PROVIDED DATA section start

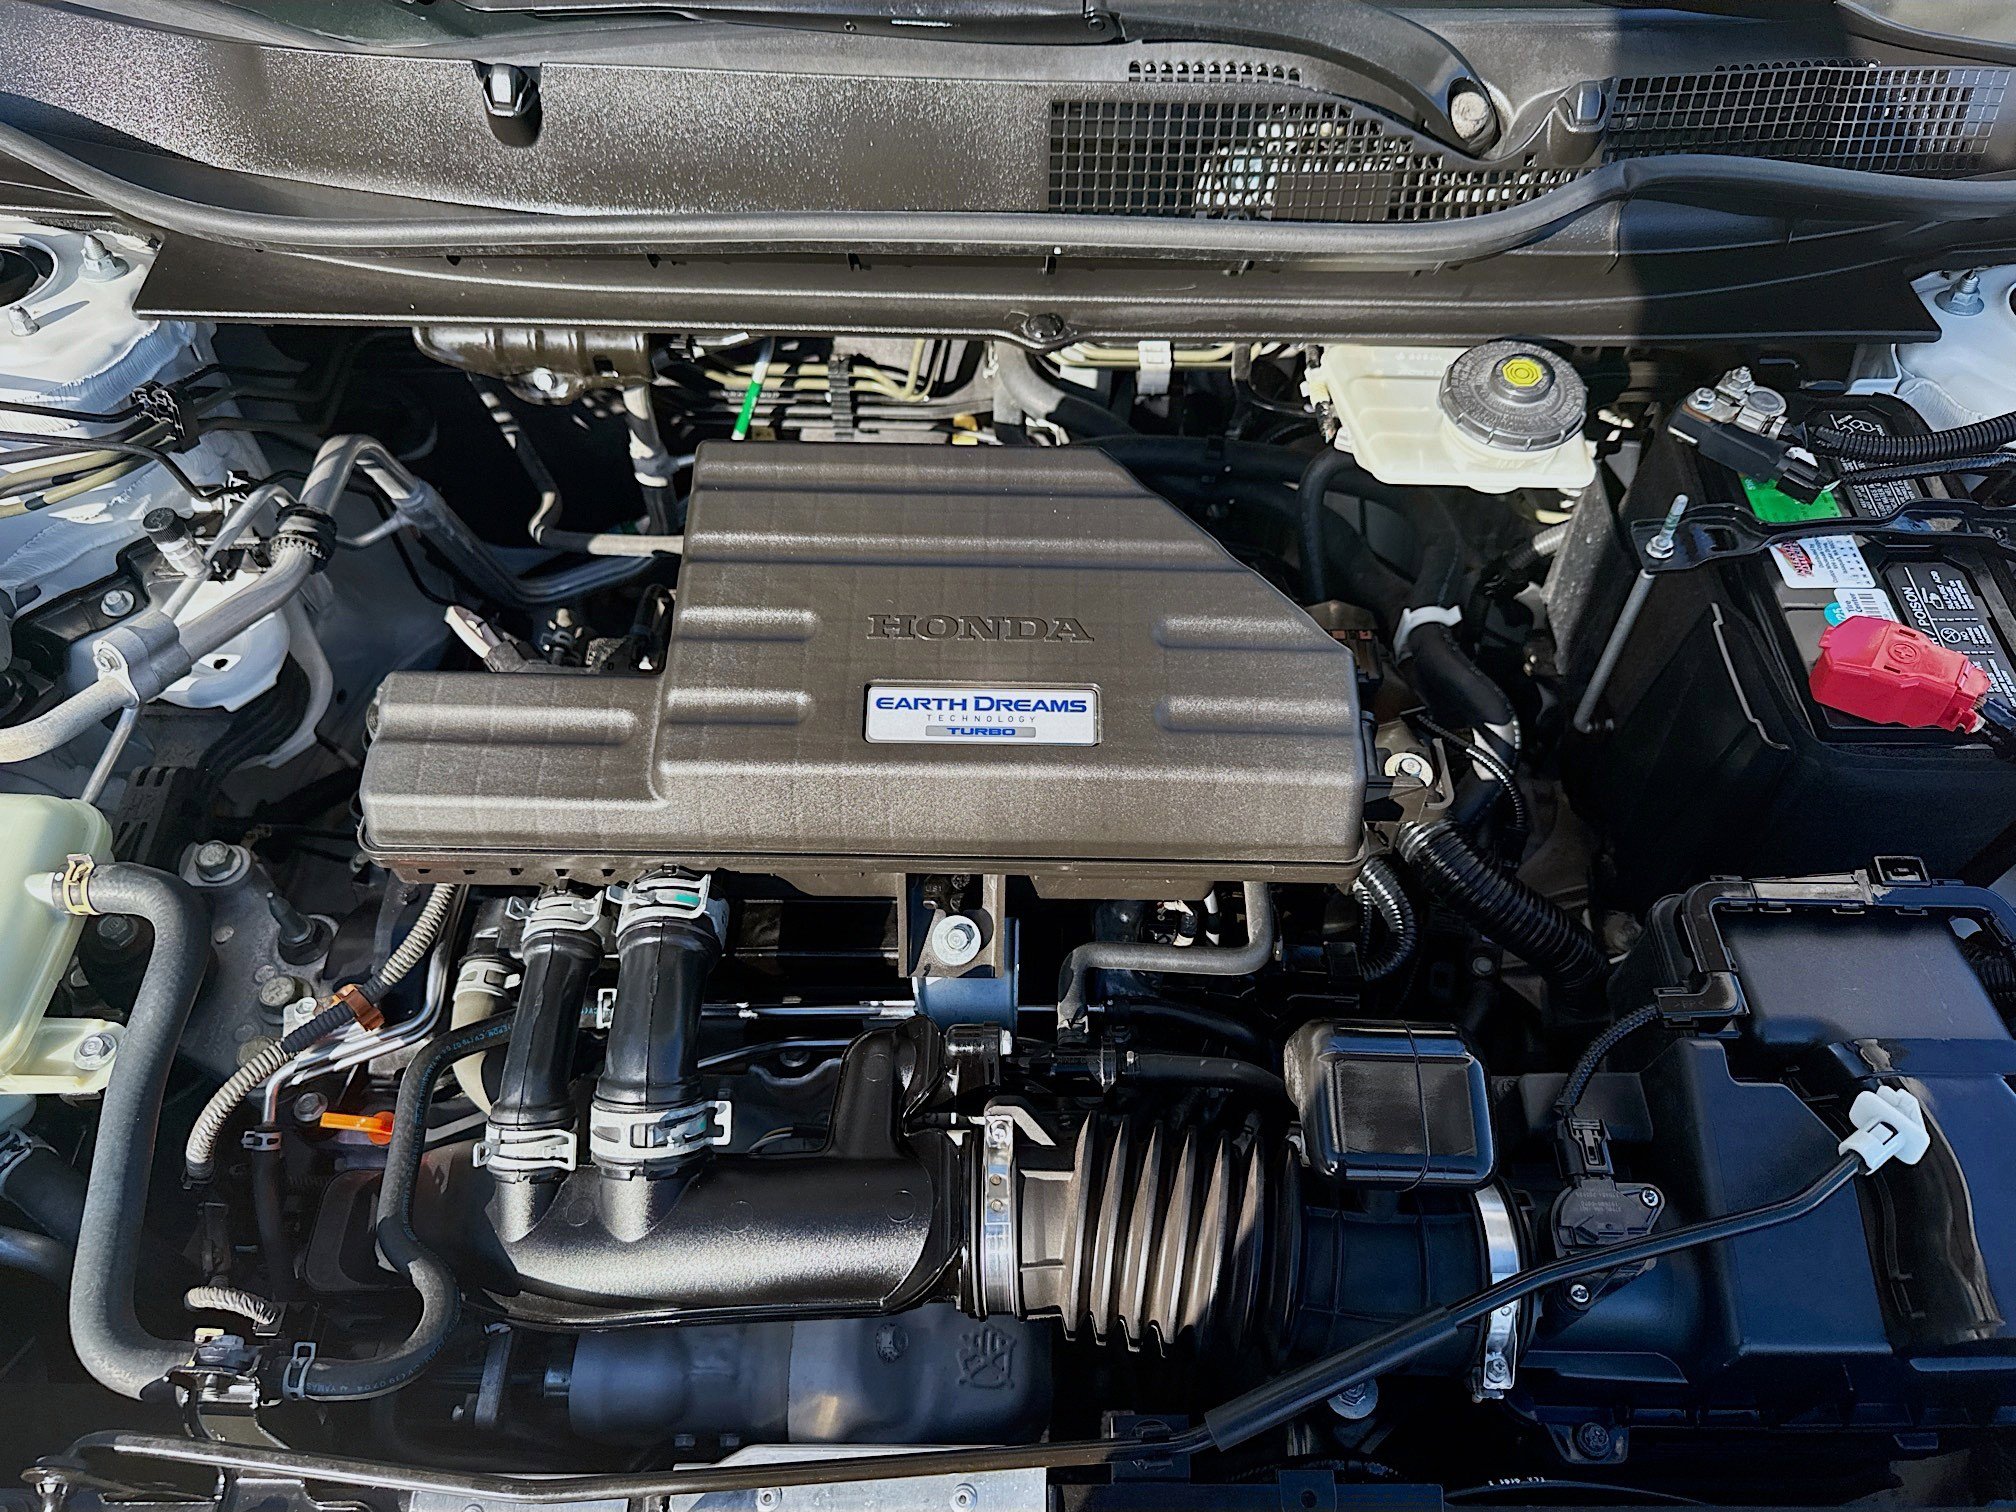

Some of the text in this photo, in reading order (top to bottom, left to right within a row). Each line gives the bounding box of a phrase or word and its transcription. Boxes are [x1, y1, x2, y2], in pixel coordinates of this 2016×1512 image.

[1901, 586, 1930, 627] POISON
[867, 614, 1094, 642] HONDA
[876, 696, 1088, 713] EARTH DREAMS
[926, 714, 1037, 723] TECHNOLOGY
[946, 727, 1017, 736] TURBO
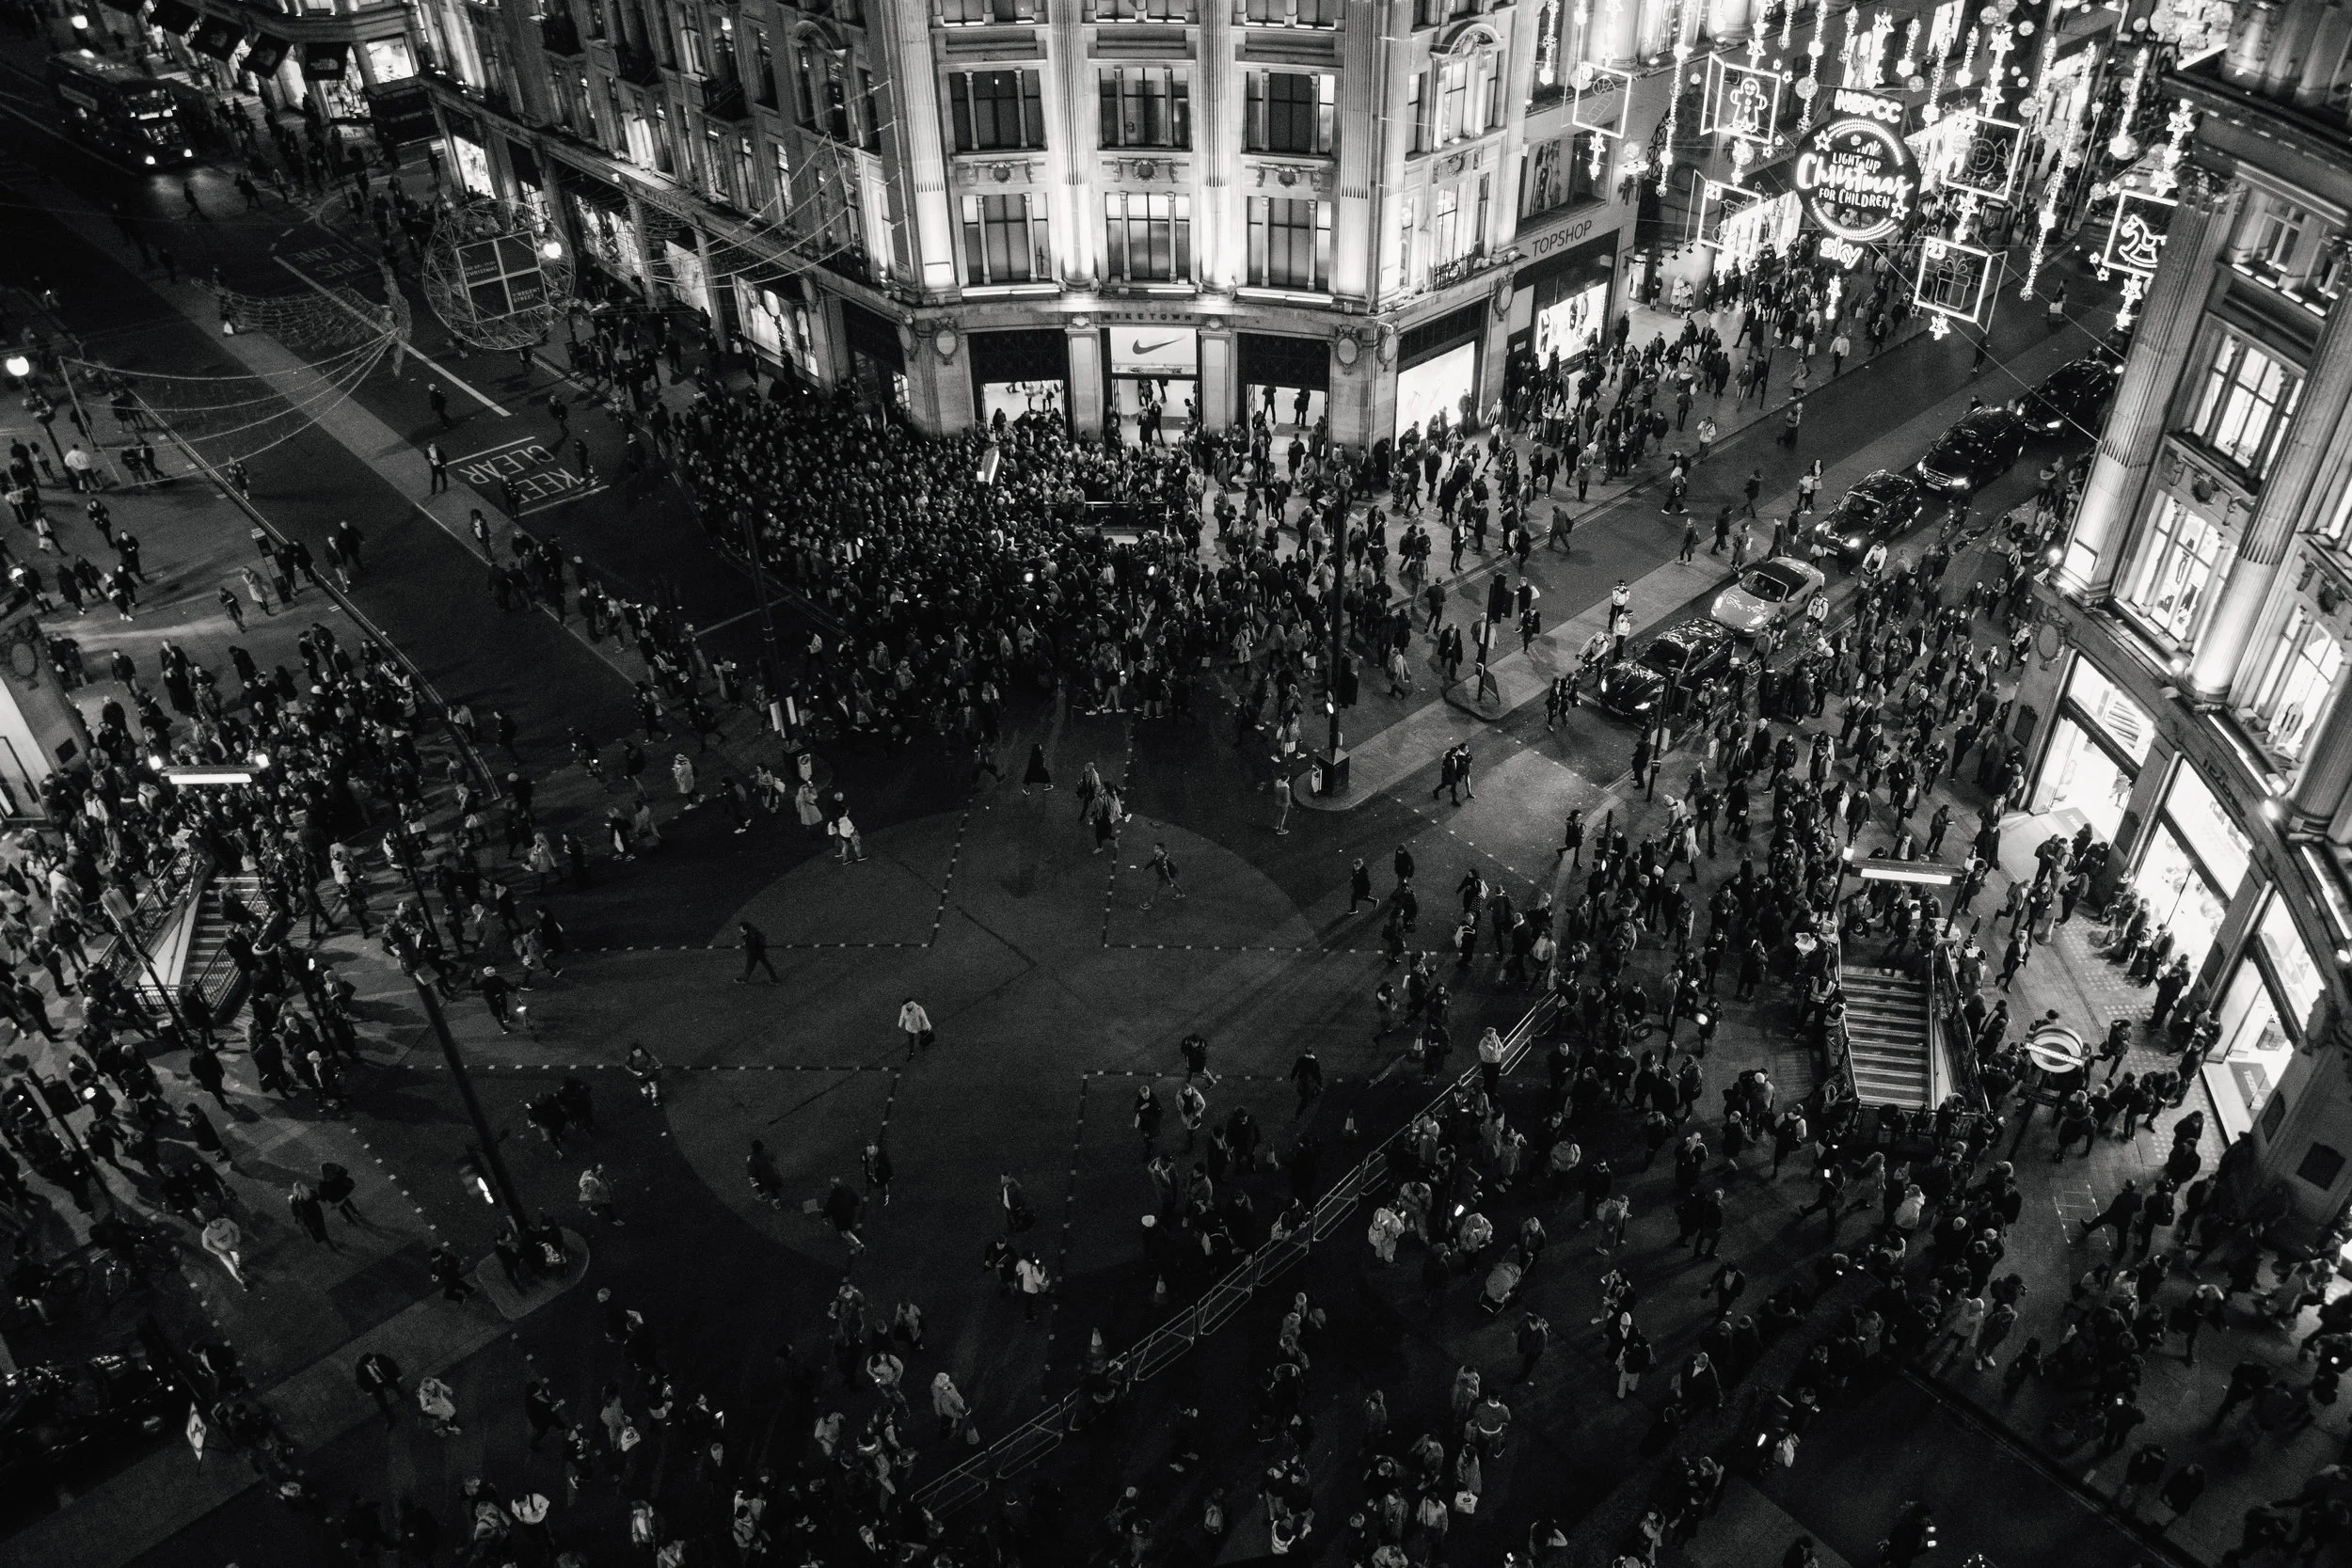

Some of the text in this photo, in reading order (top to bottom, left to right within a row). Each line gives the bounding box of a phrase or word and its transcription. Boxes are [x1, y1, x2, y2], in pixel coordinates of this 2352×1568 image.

PROVIDED DATA section end

WHAT THE EXERCISE ASKS
Return the material verbatim; the images are not to appear in the copy.

EXERCISE RESPONSE
Some of the text in this photo, in reading order (top to bottom, left to right within a row). Each line gives the bounding box of a phrase or word and its transcription. Boxes are [x1, y1, x2, y2], in pixel coordinates of this 2016×1512 image.

[1901, 586, 1930, 627] POISON
[867, 614, 1094, 642] HONDA
[876, 696, 1088, 713] EARTH DREAMS
[926, 714, 1037, 723] TECHNOLOGY
[946, 727, 1017, 736] TURBO

Some of the text in this photo, in reading order (top to bottom, left to right within a row). Each line gives the bounding box of a phrase or word and its transcription. Boxes are [x1, y1, x2, y2], in pixel coordinates of this 2352×1568 image.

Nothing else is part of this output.